Return all of the entries below exactly as they are given.

================================

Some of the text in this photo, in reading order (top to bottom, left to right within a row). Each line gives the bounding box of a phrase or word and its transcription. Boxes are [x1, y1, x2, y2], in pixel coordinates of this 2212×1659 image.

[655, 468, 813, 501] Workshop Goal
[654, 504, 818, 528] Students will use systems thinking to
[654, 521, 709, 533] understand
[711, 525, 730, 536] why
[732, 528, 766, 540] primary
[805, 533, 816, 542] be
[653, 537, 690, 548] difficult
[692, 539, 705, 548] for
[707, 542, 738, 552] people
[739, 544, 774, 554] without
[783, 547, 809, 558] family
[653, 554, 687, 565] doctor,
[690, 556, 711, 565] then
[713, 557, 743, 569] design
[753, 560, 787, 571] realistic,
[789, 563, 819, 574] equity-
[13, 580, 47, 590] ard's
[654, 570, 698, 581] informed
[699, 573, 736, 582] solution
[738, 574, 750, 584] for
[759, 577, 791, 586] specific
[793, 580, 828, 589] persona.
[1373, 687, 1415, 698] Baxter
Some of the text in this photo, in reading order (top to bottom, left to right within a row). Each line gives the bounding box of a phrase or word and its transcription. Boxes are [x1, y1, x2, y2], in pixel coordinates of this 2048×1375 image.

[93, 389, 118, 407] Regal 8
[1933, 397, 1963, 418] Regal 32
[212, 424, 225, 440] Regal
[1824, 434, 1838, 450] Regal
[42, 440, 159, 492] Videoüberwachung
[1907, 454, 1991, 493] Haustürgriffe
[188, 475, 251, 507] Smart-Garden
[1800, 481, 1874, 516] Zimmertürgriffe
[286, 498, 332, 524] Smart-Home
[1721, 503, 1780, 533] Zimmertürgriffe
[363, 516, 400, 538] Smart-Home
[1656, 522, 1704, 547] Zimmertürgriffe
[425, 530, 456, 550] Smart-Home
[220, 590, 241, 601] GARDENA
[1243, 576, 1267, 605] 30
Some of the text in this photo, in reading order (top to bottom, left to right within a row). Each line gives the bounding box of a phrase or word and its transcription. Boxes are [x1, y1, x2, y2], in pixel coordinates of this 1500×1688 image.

================================

[Written answer]
Some of the text in this photo, in reading order (top to bottom, left to right within a row). Each line gives the bounding box of a phrase or word and its transcription. Boxes are [x1, y1, x2, y2], in pixel coordinates of this 2212×1659 image.

[655, 468, 813, 501] Workshop Goal
[654, 504, 818, 528] Students will use systems thinking to
[654, 521, 709, 533] understand
[711, 525, 730, 536] why
[732, 528, 766, 540] primary
[805, 533, 816, 542] be
[653, 537, 690, 548] difficult
[692, 539, 705, 548] for
[707, 542, 738, 552] people
[739, 544, 774, 554] without
[783, 547, 809, 558] family
[653, 554, 687, 565] doctor,
[690, 556, 711, 565] then
[713, 557, 743, 569] design
[753, 560, 787, 571] realistic,
[789, 563, 819, 574] equity-
[13, 580, 47, 590] ard's
[654, 570, 698, 581] informed
[699, 573, 736, 582] solution
[738, 574, 750, 584] for
[759, 577, 791, 586] specific
[793, 580, 828, 589] persona.
[1373, 687, 1415, 698] Baxter
Some of the text in this photo, in reading order (top to bottom, left to right within a row). Each line gives the bounding box of a phrase or word and its transcription. Boxes are [x1, y1, x2, y2], in pixel coordinates of this 2048×1375 image.

[93, 389, 118, 407] Regal 8
[1933, 397, 1963, 418] Regal 32
[212, 424, 225, 440] Regal
[1824, 434, 1838, 450] Regal
[42, 440, 159, 492] Videoüberwachung
[1907, 454, 1991, 493] Haustürgriffe
[188, 475, 251, 507] Smart-Garden
[1800, 481, 1874, 516] Zimmertürgriffe
[286, 498, 332, 524] Smart-Home
[1721, 503, 1780, 533] Zimmertürgriffe
[363, 516, 400, 538] Smart-Home
[1656, 522, 1704, 547] Zimmertürgriffe
[425, 530, 456, 550] Smart-Home
[220, 590, 241, 601] GARDENA
[1243, 576, 1267, 605] 30
Some of the text in this photo, in reading order (top to bottom, left to right within a row). Each line gives the bounding box of a phrase or word and its transcription. Boxes are [x1, y1, x2, y2], in pixel coordinates of this 1500×1688 image.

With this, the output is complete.